A framework for voxel-based assessment of biological effect after proton radiotherapy in pediatric brain cancer patients using multi-modal imaging

Mikkel Skaarup, Michael Juncker Lundemann, Sune Darkner, Morten Jørgensen, Lisbeth Marner, Dragan Mirkovic, David Grosshans, Christopher Peeler, Radhe Mohan, Ivan Richter Vogelius, Ane Appelt


INTRODUCTION: The exact dependence of biological effect on dose and linear energy transfer (LET) in human tissue when delivering proton therapy is unknown. In this study, we propose a framework for measuring this dependency using multi-modal image-based assays with deformable registrations within imaging sessions and across time.

MATERIALS AND METHODS: 3T MRI scans were prospectively collected from 6 pediatric brain cancer patients before they underwent proton therapy treatment, and every 3 months for a year after treatment. Scans included T1-weighted with contrast enhancement (T1), T2-FLAIR (T2) and fractional anisotropy (FA) images. In addition, the planning CT, dose distributions and Monte Carlo-calculated LET distributions were collected. A multi-modal deformable image registration framework was used to create a dataset of dose, LET and imaging intensities at baseline and follow-up on a voxel-by-voxel basis.

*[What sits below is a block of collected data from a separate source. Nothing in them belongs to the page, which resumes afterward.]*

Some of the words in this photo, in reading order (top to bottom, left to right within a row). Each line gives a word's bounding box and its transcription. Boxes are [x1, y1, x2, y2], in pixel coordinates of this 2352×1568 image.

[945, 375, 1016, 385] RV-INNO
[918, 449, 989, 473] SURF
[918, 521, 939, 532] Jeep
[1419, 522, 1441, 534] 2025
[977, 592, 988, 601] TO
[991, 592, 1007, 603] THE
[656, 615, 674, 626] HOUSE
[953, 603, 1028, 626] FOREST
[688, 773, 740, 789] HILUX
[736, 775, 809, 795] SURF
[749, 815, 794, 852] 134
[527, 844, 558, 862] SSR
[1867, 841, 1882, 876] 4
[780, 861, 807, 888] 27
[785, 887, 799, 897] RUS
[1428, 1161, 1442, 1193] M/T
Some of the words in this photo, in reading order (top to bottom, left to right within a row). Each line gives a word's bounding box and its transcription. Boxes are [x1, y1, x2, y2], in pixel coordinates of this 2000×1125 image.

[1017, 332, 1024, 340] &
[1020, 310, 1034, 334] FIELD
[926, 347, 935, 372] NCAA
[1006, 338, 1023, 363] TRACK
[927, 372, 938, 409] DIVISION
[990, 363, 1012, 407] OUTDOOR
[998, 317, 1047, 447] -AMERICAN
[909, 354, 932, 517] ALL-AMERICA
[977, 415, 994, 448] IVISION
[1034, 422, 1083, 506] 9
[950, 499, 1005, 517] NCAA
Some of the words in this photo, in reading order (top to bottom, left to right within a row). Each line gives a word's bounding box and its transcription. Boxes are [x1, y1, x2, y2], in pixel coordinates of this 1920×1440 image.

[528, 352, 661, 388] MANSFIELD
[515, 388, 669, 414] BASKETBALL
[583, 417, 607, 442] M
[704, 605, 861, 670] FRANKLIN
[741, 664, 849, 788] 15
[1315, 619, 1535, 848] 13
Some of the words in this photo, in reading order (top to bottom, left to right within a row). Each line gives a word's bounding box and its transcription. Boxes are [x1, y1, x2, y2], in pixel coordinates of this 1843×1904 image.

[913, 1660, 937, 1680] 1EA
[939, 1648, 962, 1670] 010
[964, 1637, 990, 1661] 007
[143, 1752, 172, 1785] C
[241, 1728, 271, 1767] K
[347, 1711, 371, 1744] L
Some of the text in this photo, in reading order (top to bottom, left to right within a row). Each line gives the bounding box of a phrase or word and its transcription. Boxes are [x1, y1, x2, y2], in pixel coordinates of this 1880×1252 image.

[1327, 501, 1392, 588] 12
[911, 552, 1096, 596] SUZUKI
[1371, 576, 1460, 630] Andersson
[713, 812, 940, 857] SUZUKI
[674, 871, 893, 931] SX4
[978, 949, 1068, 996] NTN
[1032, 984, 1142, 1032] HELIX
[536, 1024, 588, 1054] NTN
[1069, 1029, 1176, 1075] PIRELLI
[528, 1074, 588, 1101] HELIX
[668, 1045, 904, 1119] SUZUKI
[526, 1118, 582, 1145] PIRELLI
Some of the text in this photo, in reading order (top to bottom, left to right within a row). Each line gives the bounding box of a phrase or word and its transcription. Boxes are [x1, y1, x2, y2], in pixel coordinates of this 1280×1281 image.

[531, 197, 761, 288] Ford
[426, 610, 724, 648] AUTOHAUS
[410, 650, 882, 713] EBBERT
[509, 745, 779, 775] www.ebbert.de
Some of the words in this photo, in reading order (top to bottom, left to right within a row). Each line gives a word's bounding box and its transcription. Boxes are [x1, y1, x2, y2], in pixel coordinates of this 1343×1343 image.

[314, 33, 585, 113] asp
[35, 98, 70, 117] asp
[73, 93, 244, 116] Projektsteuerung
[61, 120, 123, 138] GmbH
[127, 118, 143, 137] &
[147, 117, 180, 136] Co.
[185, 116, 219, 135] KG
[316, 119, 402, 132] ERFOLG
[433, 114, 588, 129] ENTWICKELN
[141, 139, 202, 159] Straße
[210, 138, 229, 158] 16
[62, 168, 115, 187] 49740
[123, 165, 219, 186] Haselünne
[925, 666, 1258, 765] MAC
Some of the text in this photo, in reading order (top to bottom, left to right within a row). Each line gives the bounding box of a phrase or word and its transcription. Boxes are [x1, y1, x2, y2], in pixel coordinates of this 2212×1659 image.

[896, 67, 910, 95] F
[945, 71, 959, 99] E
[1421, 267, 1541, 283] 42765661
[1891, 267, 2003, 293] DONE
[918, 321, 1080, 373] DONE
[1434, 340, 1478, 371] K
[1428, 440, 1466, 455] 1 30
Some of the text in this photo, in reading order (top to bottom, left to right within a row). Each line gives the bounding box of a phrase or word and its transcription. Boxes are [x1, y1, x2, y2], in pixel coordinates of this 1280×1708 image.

We modelled the biological effect of dose and LET from proton therapy using imaging changes over time as a surrogate for biological effect. We investigated various models to show the feasibility of the framework to model imaging changes. To account for interpatient and intrapatient variations, we used a nested generalized linear mixed regression model. The models were applied to predict imaging changes over time as a function of dose and LET for each modality.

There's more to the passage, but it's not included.